# Increment number of a dns zone



## clinty (Mar 6, 2009)

Hello.

I'm looking for a solution to add a subdomain to a domain zone. The 'problem' is for increment zone number.

If it does not contains the date of today, I replace it by yyyymmdd01. This case is easy.

However, if it contains the date of today, I must replace by the same date, and increment the two last numbers. If number was 2009030603, I must replace by 2009030604.

Any ideas for this case? What tools must I use?

Thanks!


----------



## DutchDaemon (Mar 6, 2009)

A shell script with grep, awk, cut, sed, expr. Or a perl script. I'm sure there are scripts on the net for something this common.


----------



## DutchDaemon (Mar 6, 2009)

Sometimes I indulge in filthy dirty shell script hacks .. 

Call it 'cereal' and call the zonefile as (e.g.)

cereal db.testnet.net


```
#!/bin/sh

# Copyright: whatever!
# Don't bug DutchDaemon!

# read zonefile from cmd
zone=$1
# get serial number
serial=$(grep 'serial no' $zone | awk '{print $1}')
# get serial number's date
serialdate=$(echo $serial | cut -b 1-8)
# get today's date in same style
date=$(date +%Y%m%d)

# compare date and serial date
if [ $serialdate = $date ]
then
# if equal, just add 1
newserial=$(expr $serial + 1)
else
# if not equal, make a new one and add 00
newserial=$(echo $date"00")
fi

# edit zonefile in place, leaving a backup (.bak)
# experiment with amount of tabs (whitespace) needed to line up correctly
sed -i .bak "s/.*serial no.*/                   $newserial      ; serial no./" $zone

# show diffs
diff $zone $zone.bak

# bump zone
/usr/sbin/rndc reload $zone

exit 0
```

Test with old serial:


```
# cereal db.testnet.net
4c4
<                       2009030600      ; serial no.
---
>                       2009022300      ; serial no.
```

Test with a serial of today:


```
# cereal db.testnet.net
4c4
<                       2009030601      ; serial no.
---
>                       2009030600      ; serial no.
```
No guarantee, no beauty


----------



## clinty (Mar 6, 2009)

DutchDaemon said:
			
		

> Sometimes I indulge in filthy dirty shell script hacks ..
> 
> Call it 'cereal' and call the zonefile as (e.g.)
> 
> ...


Wa... Great thank you!
I didn't test it yet, but I read it.

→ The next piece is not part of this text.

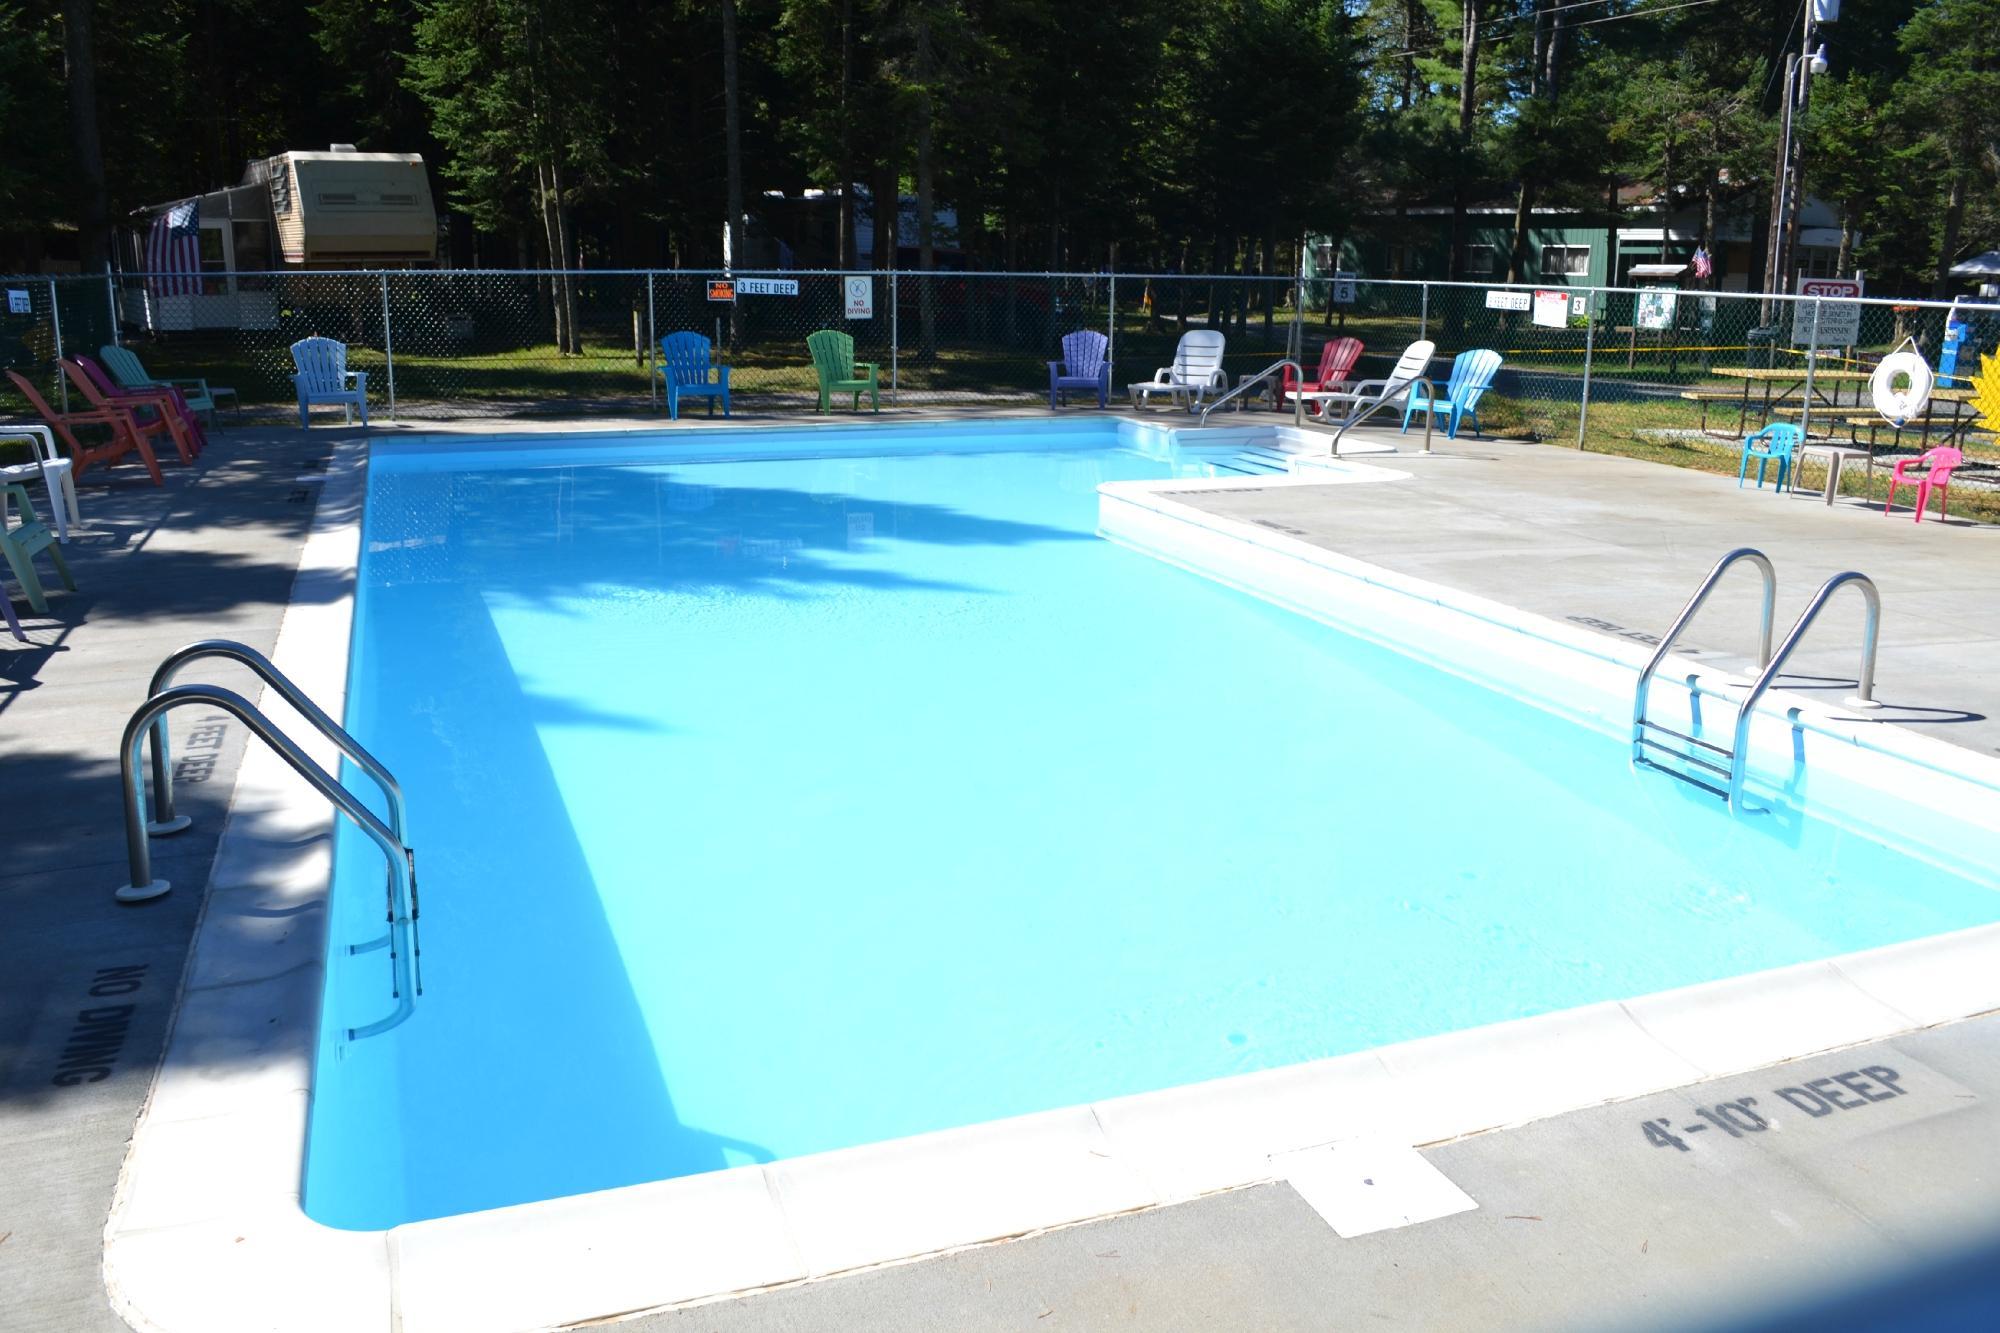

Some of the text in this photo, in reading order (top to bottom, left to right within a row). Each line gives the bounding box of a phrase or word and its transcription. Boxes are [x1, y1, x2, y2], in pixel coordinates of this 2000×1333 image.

Just a point:

```
# get serial number
serial=$(grep 'serial no' $zone | awk '{print $1}')
```

You take the serial by grep a 'serial no' string. This method depends on comments, so if we write 'Serial number', it won't work. Indeed, I do not write any comments in my master zone


----------



## DutchDaemon (Mar 6, 2009)

Sure, you'll have to adapt it to the way you do things, though the '; serial no.' comment in zonefiles is pretty stock BIND syntax. As long as you have a unique string to "grep on to" it should be easy.


----------



## clinty (Mar 6, 2009)

```
# get serial number
serial=$(grep 'serial no' $zone | awk '{print $1}')
```

I think this grep is better... On this script, it's better to grep the serial no than a string/comment.


```
grep -e '2[0-9]\{9\} ${zone}
```


----------



## DutchDaemon (Mar 6, 2009)

That should work for another 991 years, yes. It works for the sed part as well. Well, only if you use date-related serial numbers, of course. There are a lot of people using Unix seconds as a serial instead of a date.


----------



## clinty (Mar 6, 2009)

clinty said:
			
		

> No, that should work for 2xxx years. There's a '2'. I don't have 1xxx years, or 3xxx years. I believe...



--------
DutchDaemon:

It should work for years starting with a 2, so until the year 3000[010100]. Which is, i believe, about 991 years away.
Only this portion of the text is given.